┌──
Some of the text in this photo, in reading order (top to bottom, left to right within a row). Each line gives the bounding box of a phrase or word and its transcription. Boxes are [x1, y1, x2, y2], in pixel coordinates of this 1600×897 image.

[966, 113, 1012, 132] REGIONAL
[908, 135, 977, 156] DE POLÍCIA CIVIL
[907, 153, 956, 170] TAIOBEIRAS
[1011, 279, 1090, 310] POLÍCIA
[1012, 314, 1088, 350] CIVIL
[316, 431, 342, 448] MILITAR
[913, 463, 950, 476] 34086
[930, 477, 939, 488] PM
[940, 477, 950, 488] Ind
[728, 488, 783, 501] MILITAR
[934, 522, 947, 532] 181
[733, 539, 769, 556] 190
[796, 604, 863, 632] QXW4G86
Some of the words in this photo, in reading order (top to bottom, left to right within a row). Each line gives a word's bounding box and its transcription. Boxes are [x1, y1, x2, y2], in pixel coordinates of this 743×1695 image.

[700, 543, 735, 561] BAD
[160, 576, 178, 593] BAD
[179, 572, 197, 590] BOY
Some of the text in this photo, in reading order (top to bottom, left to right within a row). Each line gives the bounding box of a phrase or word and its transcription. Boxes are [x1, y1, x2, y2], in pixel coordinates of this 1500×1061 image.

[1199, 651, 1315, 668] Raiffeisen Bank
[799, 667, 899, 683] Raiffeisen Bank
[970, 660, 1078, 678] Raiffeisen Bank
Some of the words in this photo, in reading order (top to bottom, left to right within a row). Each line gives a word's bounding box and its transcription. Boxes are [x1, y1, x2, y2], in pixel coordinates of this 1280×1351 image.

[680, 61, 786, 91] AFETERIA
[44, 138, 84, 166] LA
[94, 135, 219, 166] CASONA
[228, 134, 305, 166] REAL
└──
Task to carry out:
Output every entry exactly as it appears.

Completed task:
Some of the text in this photo, in reading order (top to bottom, left to right within a row). Each line gives the bounding box of a phrase or word and its transcription. Boxes are [x1, y1, x2, y2], in pixel coordinates of this 1600×897 image.

[966, 113, 1012, 132] REGIONAL
[908, 135, 977, 156] DE POLÍCIA CIVIL
[907, 153, 956, 170] TAIOBEIRAS
[1011, 279, 1090, 310] POLÍCIA
[1012, 314, 1088, 350] CIVIL
[316, 431, 342, 448] MILITAR
[913, 463, 950, 476] 34086
[930, 477, 939, 488] PM
[940, 477, 950, 488] Ind
[728, 488, 783, 501] MILITAR
[934, 522, 947, 532] 181
[733, 539, 769, 556] 190
[796, 604, 863, 632] QXW4G86
Some of the words in this photo, in reading order (top to bottom, left to right within a row). Each line gives a word's bounding box and its transcription. Boxes are [x1, y1, x2, y2], in pixel coordinates of this 743×1695 image.

[700, 543, 735, 561] BAD
[160, 576, 178, 593] BAD
[179, 572, 197, 590] BOY
Some of the text in this photo, in reading order (top to bottom, left to right within a row). Each line gives the bounding box of a phrase or word and its transcription. Boxes are [x1, y1, x2, y2], in pixel coordinates of this 1500×1061 image.

[1199, 651, 1315, 668] Raiffeisen Bank
[799, 667, 899, 683] Raiffeisen Bank
[970, 660, 1078, 678] Raiffeisen Bank
Some of the words in this photo, in reading order (top to bottom, left to right within a row). Each line gives a word's bounding box and its transcription. Boxes are [x1, y1, x2, y2], in pixel coordinates of this 1280×1351 image.

[680, 61, 786, 91] AFETERIA
[44, 138, 84, 166] LA
[94, 135, 219, 166] CASONA
[228, 134, 305, 166] REAL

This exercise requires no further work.